ケトジェニックダイエットを始めると、体内で起こる「6の変化」
トレンドではあるけれど、少なからず副作用もあるので気をつけて。
今となっては、「ケトジェニックダイエット」や、低糖質・高脂肪食を知らない人はいないだろう。この食事法はアスリートを始め、一般の人々の間で人気を集めている。ケトジェニックダイエットの仕組みを理解するためには、まず「ケトーシス」について知る必要がある。ケトーシスとは、体内で利用できるグルコースが枯渇し、体がエネルギー源として脂肪を欲するプロセスのこと。通常であれば、私たちは小麦粉や穀物、野菜、豆類、乳製品、果物に含まれる糖質、グルコースを摂取して体にエネルギー源を補給しているという。今回は、実際にケトジェニックダイエットを実践し始めると、体内で何が起こるかについて、アメリカ版ウィメンズヘルスからご紹介。
スポーツ栄養士であり管理栄養士のパメラ・ナイズヴィッチ・ベーダによると、毎回の食事や軽食からエネルギー源を絶え間なく体に取り入れると、即効性のエネルギー源として炭水化物を体が一番に吸収するという。
「体内で糖質が利用できるのは、脂質や蓄えられた体脂肪ではなく、糖質をエネルギー源として使ったときです。
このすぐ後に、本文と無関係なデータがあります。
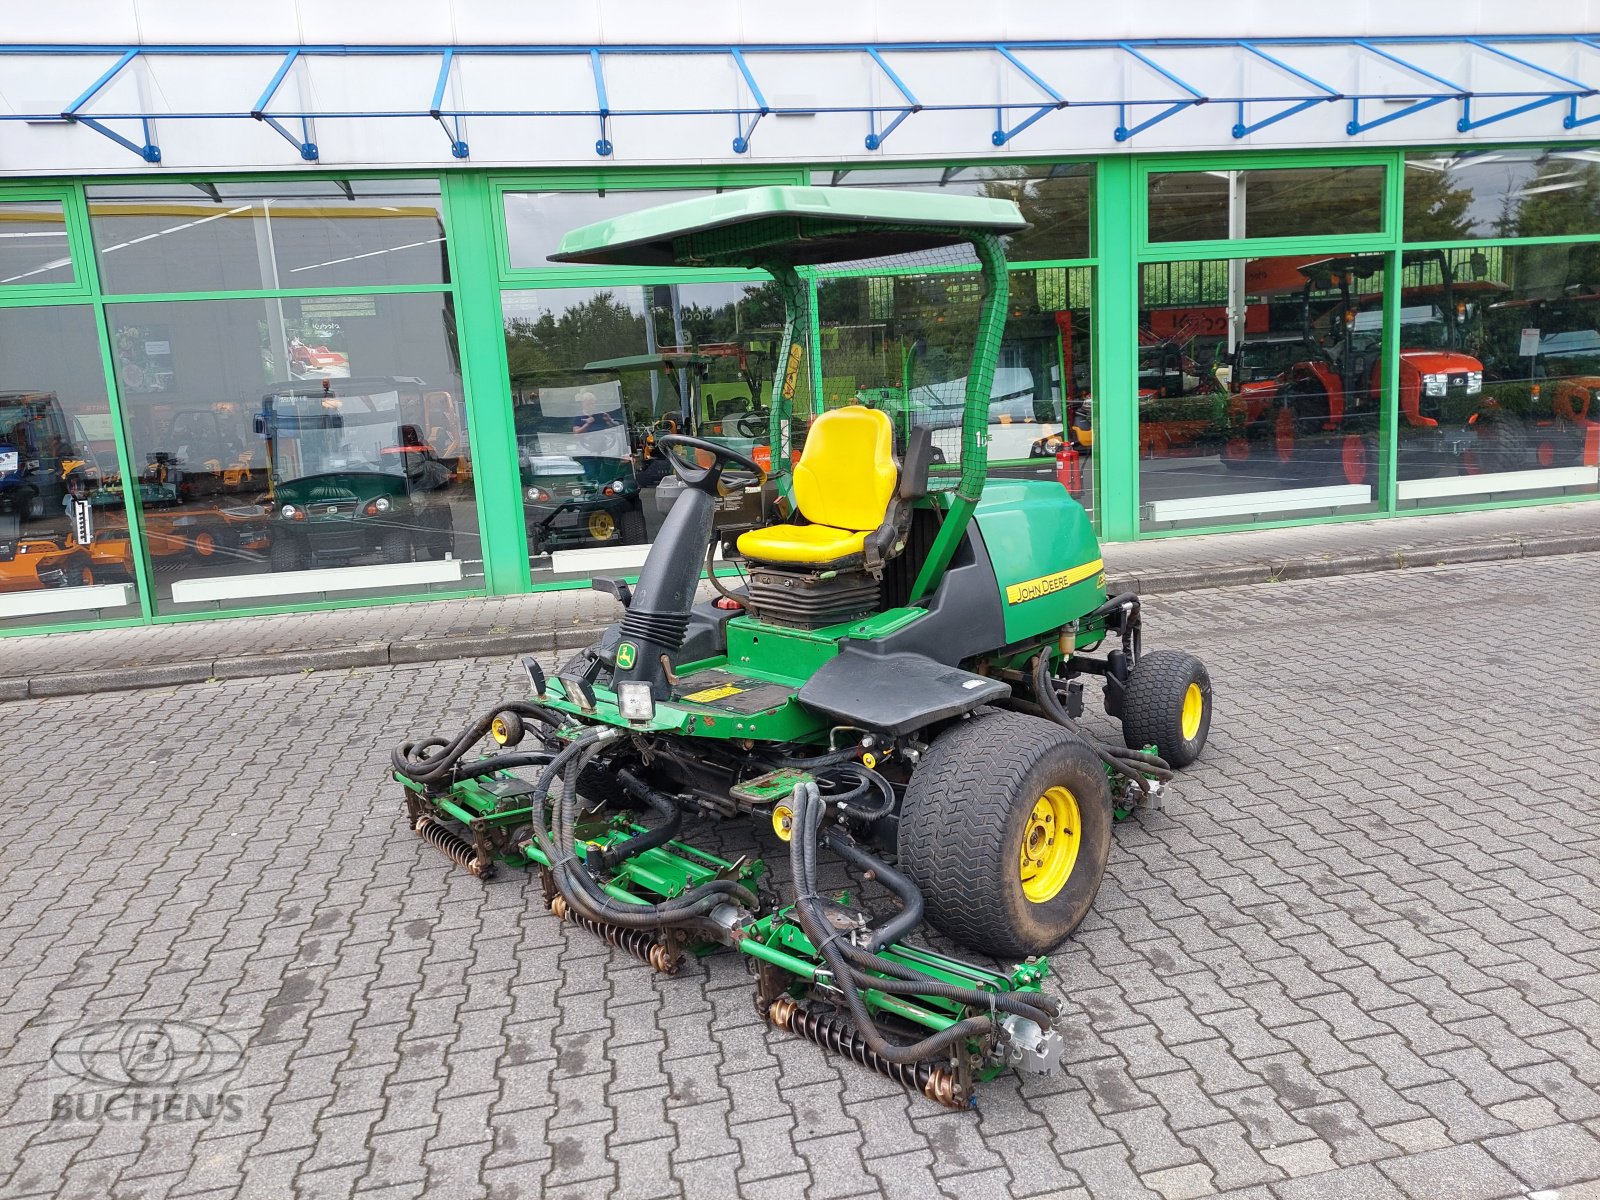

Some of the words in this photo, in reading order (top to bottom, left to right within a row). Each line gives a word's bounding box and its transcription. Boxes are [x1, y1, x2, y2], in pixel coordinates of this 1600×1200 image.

しかし、食事から糖質を抜くことで体は脂肪を分解し、ケトン体を燃料にしてエネルギーを作ろうとします。このケトン体はより効率的なのですが、普段は利用されないのです」とベーダ。
体重を減らすために、知っておくべき6のこと
ケトン体とは、体が脂肪を分解してエネルギーを作る際に、肝臓から作られ血中に放出される物質のこと。
体の細胞がケトン体を利用するのは、日々の活力を供給するため。血液中にケトン体が蓄積すると、体がケトジェニック状態へと切り替わり、体内では信じられない変化が起こり始めるそうだ。ここから6つの変化をチェックしよう。
1.インスリンの数値が低下する
食事からグルコースを摂取した後、インスリンの数値が上昇する。しかし体がケトーシス状態になると、インスリンの数値が減少すると説明するのは、スポーツ栄養製品メーカー「EAS Sports Nutrition」で最高科学責任者を務める管理栄養士のスティーヴン・ハーツラー博士。
「インスリンの数値が低いほど、体の脂肪組織から脂肪酸が放出されやすくなり、エネルギー源として利用されるようになります」とハーツラー博士。主要なエネルギー源として、炭水化物ではなく脂肪を利用するようになるため、より多くの脂肪が燃焼されるそうだ。つまりは、短期間で体重を落とすことが期待できる。
2.日中に空腹感を感じにくい
ケトジェニックダイエット中はタンパク質の摂取量が増えるので、日中はより満腹感を維持できるようになる。さらにこのダイエットにはハーツラー博士いわく、食欲抑制作用もあるという。
「ある一説によると、ケトジェニックダイエットがエネルギー源として脂肪を燃焼させ、ケトン体を血中に放出することから、体が絶食状態のときに起こる反応と似ていると言われています」とハーツラー博士。ケトン体の産生が増加すると、脳内の食欲中枢の働きを抑制すると考えられている。
3.体調が悪くなり始める
ベーダによると、ケトジェニックダイエットにはいくつかの副作用があるという。
それは“ケトインフルエンザ(Keto Flu)”と呼ばれ、「エネルギー源が、炭水化物から脂質に移行する間に現れる一連の症状」として知られているそう。
考えられる副作用は、頭痛、吐き気、霧、筋肉のけいれん、けんたい感などがあり、炭水化物の離脱症候群とも言われている。
4.口臭がきつくなる
「ケトジェニックダイエットによって口臭に変化が現れる人も一部いるのです。理由は、肝臓で作られるケトン体の1つであるアセトンが、臭いを有しているからです」とハーツラー博士。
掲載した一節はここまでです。